(Records provided begins)

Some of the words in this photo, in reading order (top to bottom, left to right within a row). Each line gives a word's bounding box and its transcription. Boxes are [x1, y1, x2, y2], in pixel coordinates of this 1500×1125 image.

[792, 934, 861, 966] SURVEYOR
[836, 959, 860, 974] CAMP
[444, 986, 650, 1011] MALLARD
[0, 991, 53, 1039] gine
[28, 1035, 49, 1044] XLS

(Records provided ends)

> _Instructions for the task_:
The records above are to be returned exactly as they appear.

> _Output_:
Some of the words in this photo, in reading order (top to bottom, left to right within a row). Each line gives a word's bounding box and its transcription. Boxes are [x1, y1, x2, y2], in pixel coordinates of this 1500×1125 image.

[792, 934, 861, 966] SURVEYOR
[836, 959, 860, 974] CAMP
[444, 986, 650, 1011] MALLARD
[0, 991, 53, 1039] gine
[28, 1035, 49, 1044] XLS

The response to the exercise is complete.